Typically calibration in GPC/SEC is accomplished using narrowly distributed standards of known molar masses yielding relative molar masses for the analytes. If narrowly distributed standards having the same chemical structure as the analyte are not available, the use of broad standards for calibration is a cost-effective and easy-to-use alternative to molar mass sensitive detection. This instalment of Tips & Tricks describes the cumulative match calibration in more detail.
Size-exclusion chromatography (SEC), also referred to as gel permeation chromatography (GPC), is the method of choice for molar mass determination in research and development (R&D) and quality control (QC) laboratories. The simplicity of GPC/SEC and the detailed information it provides makes it the workhorse for molar mass characterization of macromolecules. Unlike other methods of molar mass determination, GPC/SEC does not only provide molar mass averages but allows determination of the complete molar mass distribution.

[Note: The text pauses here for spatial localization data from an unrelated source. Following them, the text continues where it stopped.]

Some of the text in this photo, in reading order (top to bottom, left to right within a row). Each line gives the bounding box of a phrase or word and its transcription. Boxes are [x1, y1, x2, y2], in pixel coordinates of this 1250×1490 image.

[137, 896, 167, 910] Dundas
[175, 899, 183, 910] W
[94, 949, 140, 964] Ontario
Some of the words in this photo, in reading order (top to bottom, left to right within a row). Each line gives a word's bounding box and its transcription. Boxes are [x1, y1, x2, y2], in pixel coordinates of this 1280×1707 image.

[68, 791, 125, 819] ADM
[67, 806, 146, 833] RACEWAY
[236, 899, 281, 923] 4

However, GPC/SEC separates by the size of the molecules in solution and not by molar mass. It therefore requires calibration, which is typically accomplished using narrowly distributed standards of known molar masses. If the chemical structure of the calibrants deviates from that of the analyte, the molar masses derived are only relative to the calibration standards applied.
If true molar masses are required, for example for registration, kinetics or research, relative molar masses are often not acceptable. GPC/SEC with expensive additional detectors, such as online light scattering (LS) or viscometry detectors, might be applied to obtain accurate results. However, apart from methodological challenges with such instrumentation, availability of such instrumentation and qualified personnel is not given in every laboratory. Therefore, affordable and easy‑to‑use alternatives to narrow standard calibration are often sought. Methods to overcome the calibration problem for those applications where no narrowly distributed standards are commercially available have been recently reviewed (1). A method that was of particular interest to many readers, was the cumulative match calibration, which is discussed in this instalment of “Tips & Tricks GPC/SEC” in more detail.

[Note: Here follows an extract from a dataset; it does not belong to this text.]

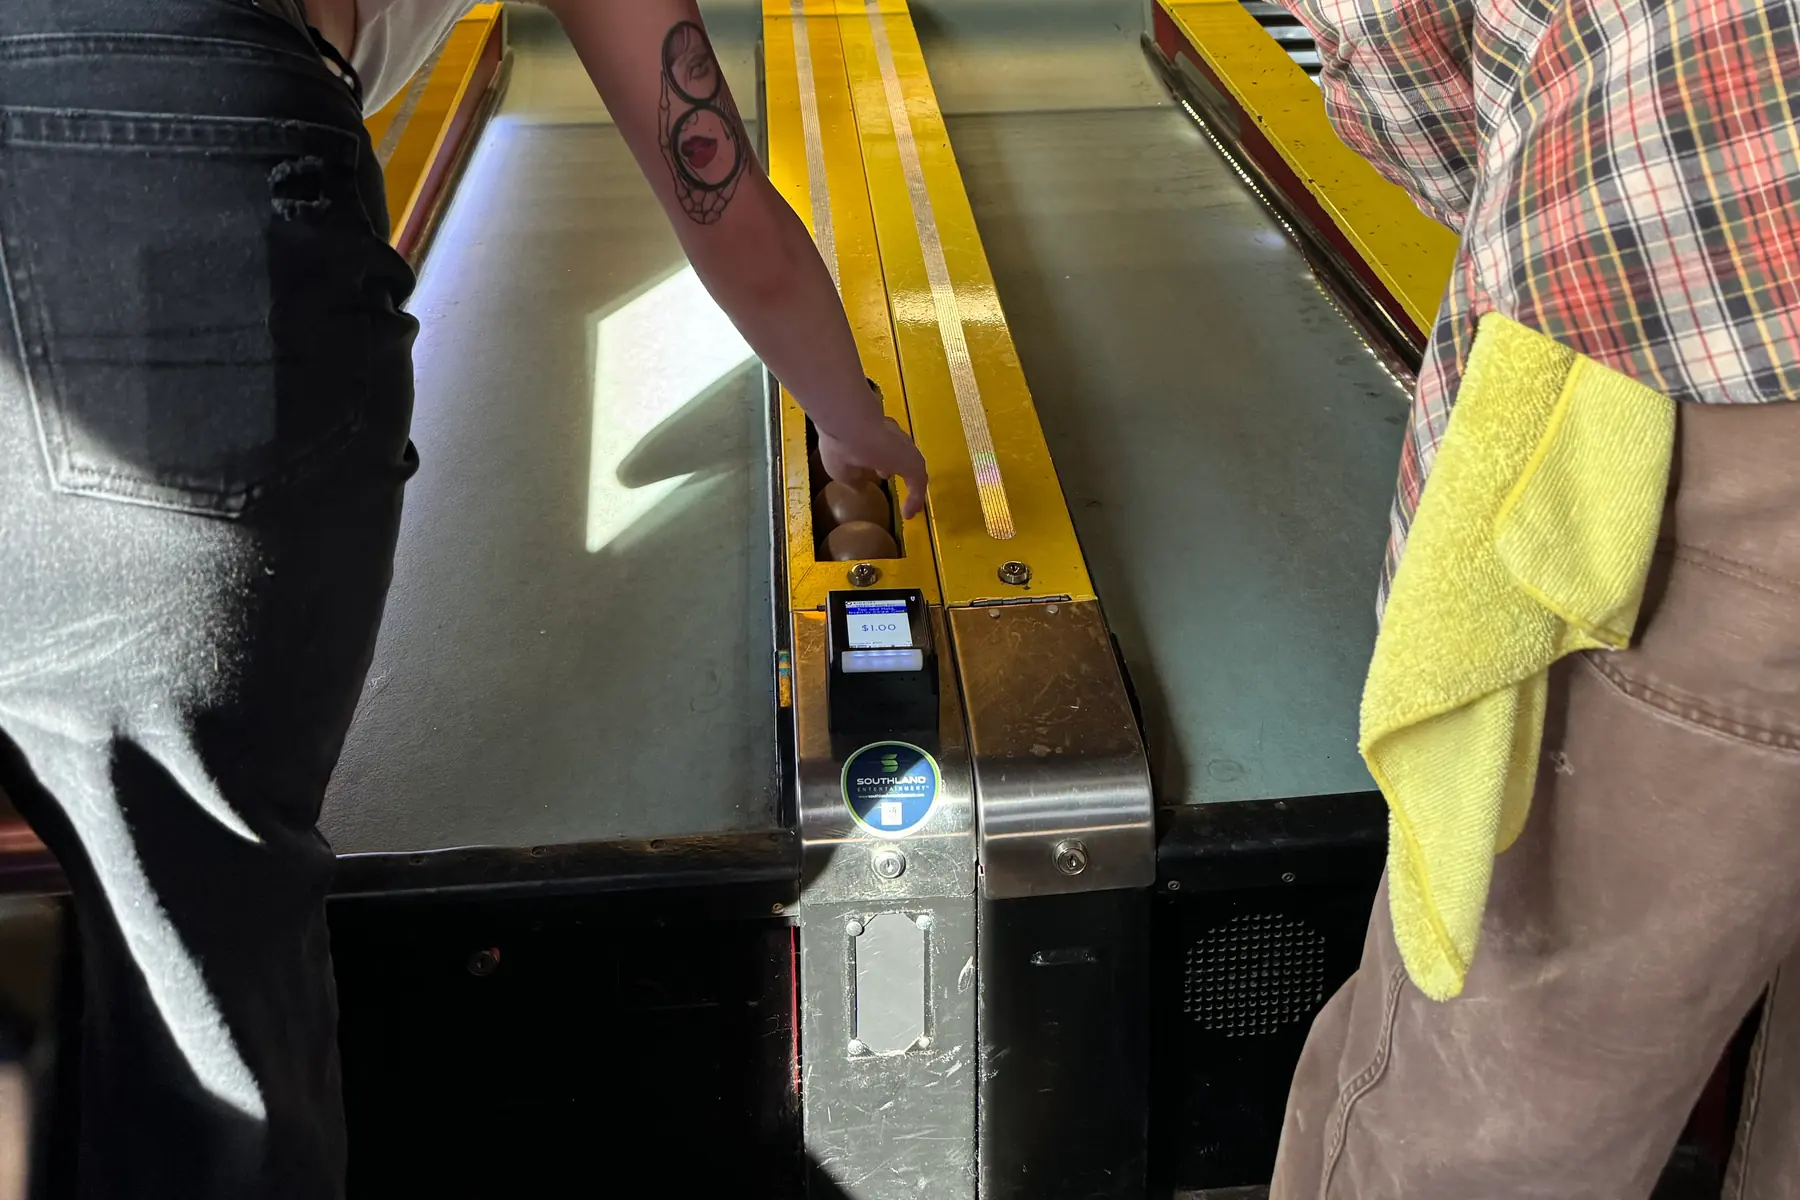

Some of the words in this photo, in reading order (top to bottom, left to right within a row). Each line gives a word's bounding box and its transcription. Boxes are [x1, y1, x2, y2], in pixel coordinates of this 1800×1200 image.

[861, 623, 897, 632] $1.00
[856, 775, 928, 786] SOUTHLAND
[857, 785, 926, 793] ENTERTAINMENT

Distribution functions of properties are normalized mathematical functions that indicate the proportions of the variable property values. Distributions can be represented as differential or integral (cumulative) distributions.
For macromolecules, one of the most important molecular properties is the molar mass. Typically, molar mass distributions in GPC/SEC are graphically reported as differential and cumulative molar mass distributions, w(M) and Cum(M), respectively. The former usually presents a more or less bell-shaped curve, the second is a monotonic increasing function resembling the form of the error function (Figure 1).
The total area below the differential distribution curve represents 100% of the mass of the sample. The area fraction from molar mass zero to a molar mass M therefore represents the fraction of all chains having a molar mass lower than M.
By plotting the area fraction as a function of molar mass, M, the cumulative or integral molar mass distribution Cum(M) is obtained. Usually, the cumulative distribution is normalized to 100%.
Thus, the cumulative distribution describes the weight fraction of all chains having a molar mass lower than M.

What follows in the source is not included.